TASK ITEM: Among the lines of the records, please find those that contain the word "para" and copy them.

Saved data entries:

══════

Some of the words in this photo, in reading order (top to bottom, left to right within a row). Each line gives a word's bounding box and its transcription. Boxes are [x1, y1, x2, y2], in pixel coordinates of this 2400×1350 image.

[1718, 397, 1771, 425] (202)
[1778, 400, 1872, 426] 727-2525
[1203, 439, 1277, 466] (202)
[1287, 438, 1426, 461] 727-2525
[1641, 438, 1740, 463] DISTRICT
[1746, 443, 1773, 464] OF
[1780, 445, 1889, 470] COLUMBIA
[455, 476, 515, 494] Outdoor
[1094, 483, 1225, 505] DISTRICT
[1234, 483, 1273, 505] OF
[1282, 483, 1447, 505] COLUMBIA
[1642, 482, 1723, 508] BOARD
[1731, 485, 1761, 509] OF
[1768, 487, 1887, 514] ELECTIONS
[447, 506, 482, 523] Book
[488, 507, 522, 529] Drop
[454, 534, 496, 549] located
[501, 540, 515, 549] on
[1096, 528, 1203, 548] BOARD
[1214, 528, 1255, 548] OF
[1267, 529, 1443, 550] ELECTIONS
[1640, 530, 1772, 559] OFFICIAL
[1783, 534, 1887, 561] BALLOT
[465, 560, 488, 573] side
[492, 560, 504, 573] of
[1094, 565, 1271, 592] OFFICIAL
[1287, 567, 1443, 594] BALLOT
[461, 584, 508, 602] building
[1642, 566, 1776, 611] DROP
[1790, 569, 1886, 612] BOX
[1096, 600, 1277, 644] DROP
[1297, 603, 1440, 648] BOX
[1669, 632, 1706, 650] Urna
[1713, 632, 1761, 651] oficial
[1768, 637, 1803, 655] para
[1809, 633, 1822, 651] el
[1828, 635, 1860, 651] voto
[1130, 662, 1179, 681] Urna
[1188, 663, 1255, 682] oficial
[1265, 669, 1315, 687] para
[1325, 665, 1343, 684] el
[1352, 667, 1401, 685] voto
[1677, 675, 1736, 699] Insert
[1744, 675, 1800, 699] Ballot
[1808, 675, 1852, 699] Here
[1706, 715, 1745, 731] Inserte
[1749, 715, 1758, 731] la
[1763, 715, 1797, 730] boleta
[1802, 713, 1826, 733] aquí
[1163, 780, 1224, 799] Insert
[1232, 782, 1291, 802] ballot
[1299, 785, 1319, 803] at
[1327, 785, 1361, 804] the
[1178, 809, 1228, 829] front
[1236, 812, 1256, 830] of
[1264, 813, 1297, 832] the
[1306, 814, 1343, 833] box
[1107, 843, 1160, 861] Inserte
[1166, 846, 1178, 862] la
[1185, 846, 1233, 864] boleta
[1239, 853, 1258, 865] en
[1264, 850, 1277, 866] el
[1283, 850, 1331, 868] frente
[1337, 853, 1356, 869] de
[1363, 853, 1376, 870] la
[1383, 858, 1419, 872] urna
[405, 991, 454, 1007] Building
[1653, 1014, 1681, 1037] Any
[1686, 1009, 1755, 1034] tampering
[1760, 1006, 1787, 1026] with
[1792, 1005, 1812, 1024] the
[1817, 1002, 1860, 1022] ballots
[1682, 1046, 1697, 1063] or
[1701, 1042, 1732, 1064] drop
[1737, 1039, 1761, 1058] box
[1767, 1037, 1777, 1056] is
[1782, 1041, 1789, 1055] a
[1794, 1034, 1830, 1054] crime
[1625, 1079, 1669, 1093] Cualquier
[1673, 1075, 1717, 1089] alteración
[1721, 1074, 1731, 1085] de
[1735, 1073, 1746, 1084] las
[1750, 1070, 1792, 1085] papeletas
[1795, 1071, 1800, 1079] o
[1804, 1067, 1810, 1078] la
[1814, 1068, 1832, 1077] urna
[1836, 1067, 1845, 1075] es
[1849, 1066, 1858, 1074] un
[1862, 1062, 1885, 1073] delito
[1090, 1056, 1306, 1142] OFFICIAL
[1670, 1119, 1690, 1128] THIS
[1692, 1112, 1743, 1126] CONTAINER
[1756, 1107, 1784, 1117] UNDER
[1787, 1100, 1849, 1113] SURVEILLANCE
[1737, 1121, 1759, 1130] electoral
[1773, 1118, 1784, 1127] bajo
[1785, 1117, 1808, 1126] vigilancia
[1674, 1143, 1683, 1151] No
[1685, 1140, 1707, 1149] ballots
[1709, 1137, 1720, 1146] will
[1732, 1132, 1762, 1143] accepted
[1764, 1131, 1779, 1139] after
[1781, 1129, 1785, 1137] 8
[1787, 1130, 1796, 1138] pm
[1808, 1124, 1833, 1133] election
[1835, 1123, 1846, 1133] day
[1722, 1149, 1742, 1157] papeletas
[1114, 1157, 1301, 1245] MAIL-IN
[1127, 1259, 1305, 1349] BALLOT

══════

TASK SOLUTION:
[1768, 637, 1803, 655] para
[1265, 669, 1315, 687] para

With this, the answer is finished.